Case Mod Help

xanis

Lifer
Sep 11, 2005
17,571
8
0
I'm asking for help in getting me started with case modding. I've wanted to do a case mod for the longest time, but I really have no clue where to begin. I know the first step should be to plan it out, but I really don't have too many ideas on what I could do. I was thinking maybe a desk drawer mod to a gun case mod. The thing is, I really don't have a lot of money or advanced tools. I heard elsewhere that I should just pick up a crappy case and do a window mod on it for practice. Any help guys? Thanks.
 

JBDan

Platinum Member
Dec 7, 2004
2,333
0
0
I think its a great idea to pick up one or even two low end case's and practice on them. You will learn so much from doing that and can then plan out from your experience, your "ultimate" case mod project for your personal rig. Your dream machine is a keeper!! Very nice. :)
 

BonzaiDuck

Lifer
Jun 30, 2004
16,665
2,039
126
Like the various inflammatory posts I've made about heatpipe cooler hype and payola to publishers of promotional PC palaver, I've posted many times about getting cases "for free" from computer shops with back-door recycling business, family members junking old computers, and the cyber-junk bins at county land-fills.

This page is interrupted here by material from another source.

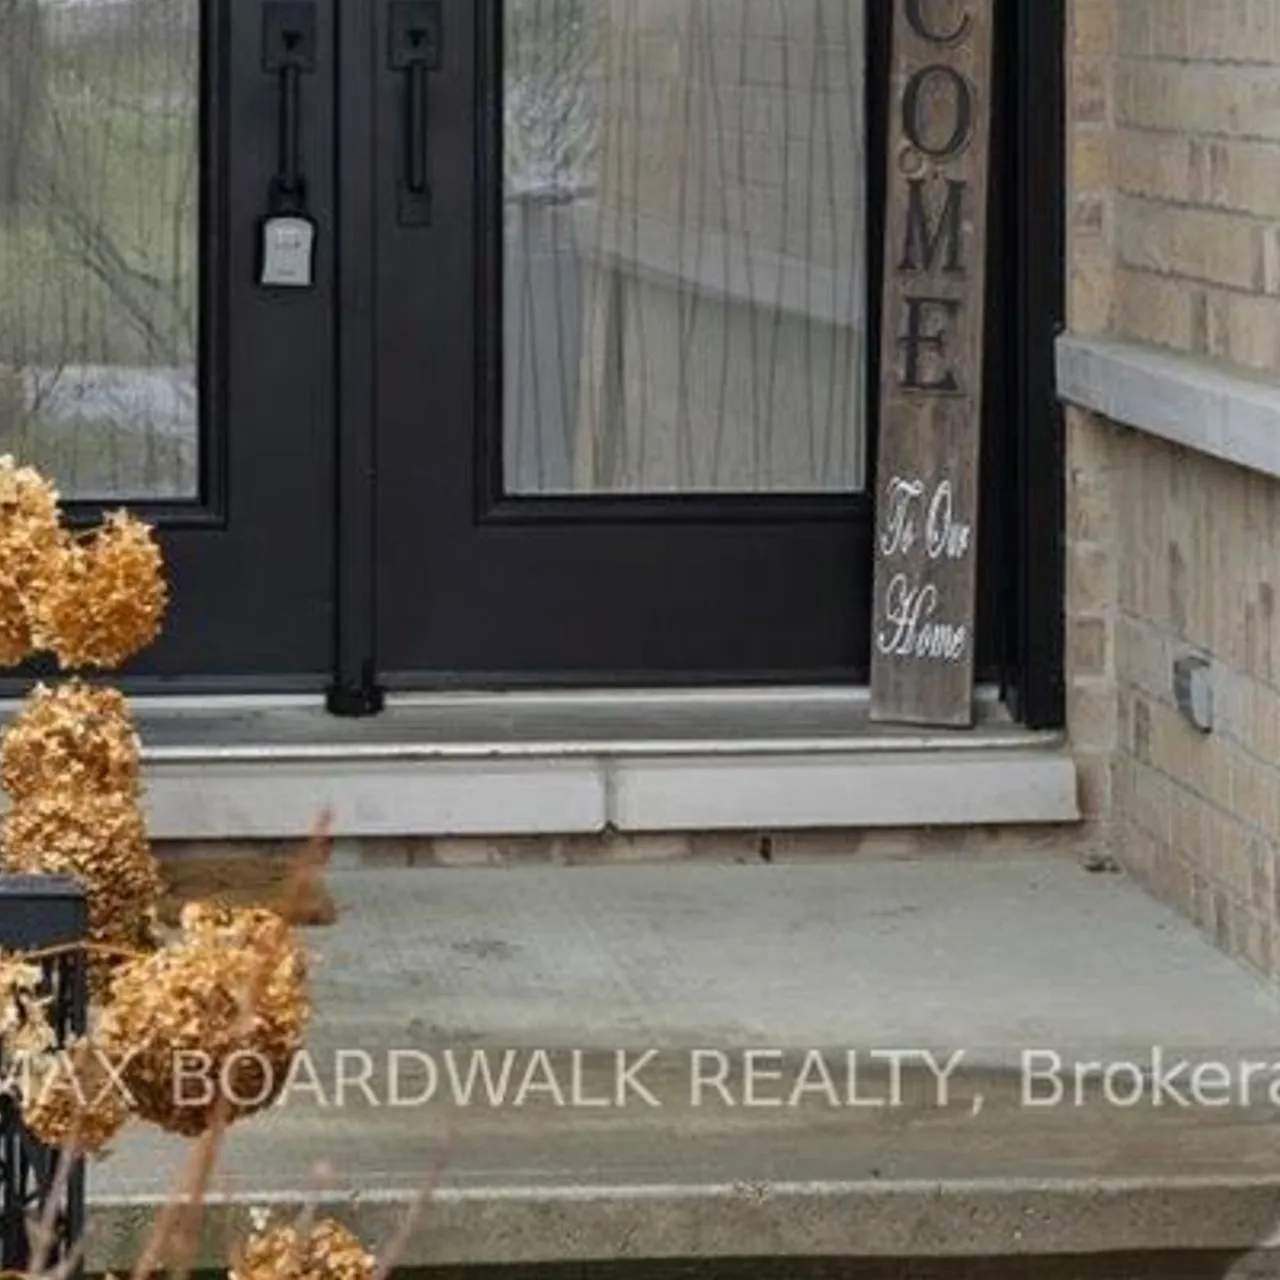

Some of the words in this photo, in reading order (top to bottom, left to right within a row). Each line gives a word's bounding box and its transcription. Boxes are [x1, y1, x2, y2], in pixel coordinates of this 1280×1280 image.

[881, 477, 922, 555] To
[926, 481, 970, 558] Our
[878, 574, 966, 658] Home
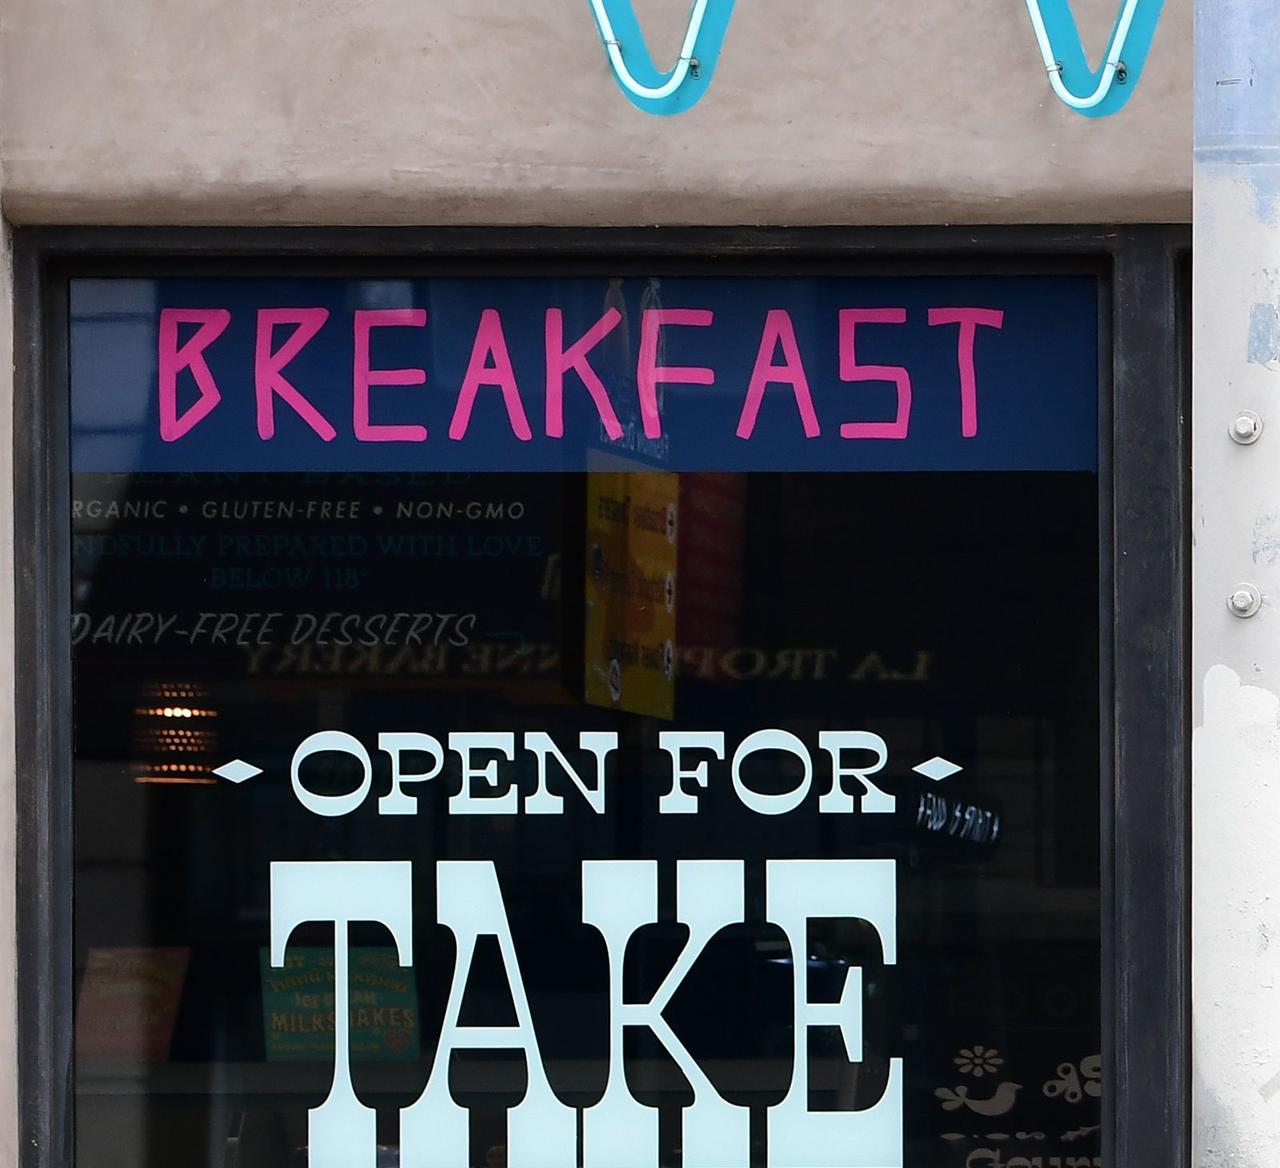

Somehow, I feel so much more comfortable taking a dremel, nibbler or hole-saw to a ten-year-old ATX discard case than I do about spending $200 on some kind of aluminum beauty and going after it like a butcher trims tenderloin. With the cyber-junk case, you may find some decent sheet-metal to work with, simple surfaces that don't complicate your work, and you can go at it with the abandon of Leatherface in Texas Chainsaw Massacre. Spending any amount of money on a case to cut up might make you feel like the victims in the same movie.

I wouldn't spend money on modding a cheap case. Just spend time on finding a free case to cut up. Under those circumstances, you could take two or three cases to construct a single case, using pieces and parts of all three.

Cases are getting better these days. More refined. Prettier. Still, some OEM cases from before the turn of the millennium were pretty darn solid. I saw an article at another enthusiast-geek forum where a guy flattened all the bends in a defunct OEM case, and then "re-folded" it into something different, like he was doing Origami swans.

Also, if you're going to do this, get chummy with two types of businesses: a sheet-metal dealer, and an electronics warehouse. I'm happier than a pig in s**t that my favorite choices of both categories are exactly, precisely right next door to each other.